What you will do: Please print out every entry below, verbatim.

Supplied records:
===
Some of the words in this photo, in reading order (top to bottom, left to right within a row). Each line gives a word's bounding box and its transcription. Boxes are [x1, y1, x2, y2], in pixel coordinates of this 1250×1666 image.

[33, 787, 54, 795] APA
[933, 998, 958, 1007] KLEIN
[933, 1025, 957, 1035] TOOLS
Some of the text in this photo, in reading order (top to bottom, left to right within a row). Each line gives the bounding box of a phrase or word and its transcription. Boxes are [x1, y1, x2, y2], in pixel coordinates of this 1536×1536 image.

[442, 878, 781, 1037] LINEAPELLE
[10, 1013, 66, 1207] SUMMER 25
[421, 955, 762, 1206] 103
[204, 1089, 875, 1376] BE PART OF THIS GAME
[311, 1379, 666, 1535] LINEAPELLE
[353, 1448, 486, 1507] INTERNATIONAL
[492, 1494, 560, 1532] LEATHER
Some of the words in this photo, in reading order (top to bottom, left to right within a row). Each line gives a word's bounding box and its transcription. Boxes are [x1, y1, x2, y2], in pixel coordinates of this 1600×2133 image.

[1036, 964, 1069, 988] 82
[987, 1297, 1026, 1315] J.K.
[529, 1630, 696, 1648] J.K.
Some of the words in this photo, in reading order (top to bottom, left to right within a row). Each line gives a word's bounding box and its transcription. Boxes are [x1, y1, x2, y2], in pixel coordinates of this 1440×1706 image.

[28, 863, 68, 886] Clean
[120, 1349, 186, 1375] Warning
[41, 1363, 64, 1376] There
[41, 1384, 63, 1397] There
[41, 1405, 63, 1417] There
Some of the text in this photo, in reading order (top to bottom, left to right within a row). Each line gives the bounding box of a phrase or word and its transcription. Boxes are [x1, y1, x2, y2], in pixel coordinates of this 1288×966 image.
===
Answer to this exercise:
Some of the words in this photo, in reading order (top to bottom, left to right within a row). Each line gives a word's bounding box and its transcription. Boxes are [x1, y1, x2, y2], in pixel coordinates of this 1250×1666 image.

[33, 787, 54, 795] APA
[933, 998, 958, 1007] KLEIN
[933, 1025, 957, 1035] TOOLS
Some of the text in this photo, in reading order (top to bottom, left to right within a row). Each line gives the bounding box of a phrase or word and its transcription. Boxes are [x1, y1, x2, y2], in pixel coordinates of this 1536×1536 image.

[442, 878, 781, 1037] LINEAPELLE
[10, 1013, 66, 1207] SUMMER 25
[421, 955, 762, 1206] 103
[204, 1089, 875, 1376] BE PART OF THIS GAME
[311, 1379, 666, 1535] LINEAPELLE
[353, 1448, 486, 1507] INTERNATIONAL
[492, 1494, 560, 1532] LEATHER
Some of the words in this photo, in reading order (top to bottom, left to right within a row). Each line gives a word's bounding box and its transcription. Boxes are [x1, y1, x2, y2], in pixel coordinates of this 1600×2133 image.

[1036, 964, 1069, 988] 82
[987, 1297, 1026, 1315] J.K.
[529, 1630, 696, 1648] J.K.
Some of the words in this photo, in reading order (top to bottom, left to right within a row). Each line gives a word's bounding box and its transcription. Boxes are [x1, y1, x2, y2], in pixel coordinates of this 1440×1706 image.

[28, 863, 68, 886] Clean
[120, 1349, 186, 1375] Warning
[41, 1363, 64, 1376] There
[41, 1384, 63, 1397] There
[41, 1405, 63, 1417] There
Some of the text in this photo, in reading order (top to bottom, left to right within a row). Each line gives the bounding box of a phrase or word and its transcription. Boxes are [x1, y1, x2, y2], in pixel coordinates of this 1288×966 image.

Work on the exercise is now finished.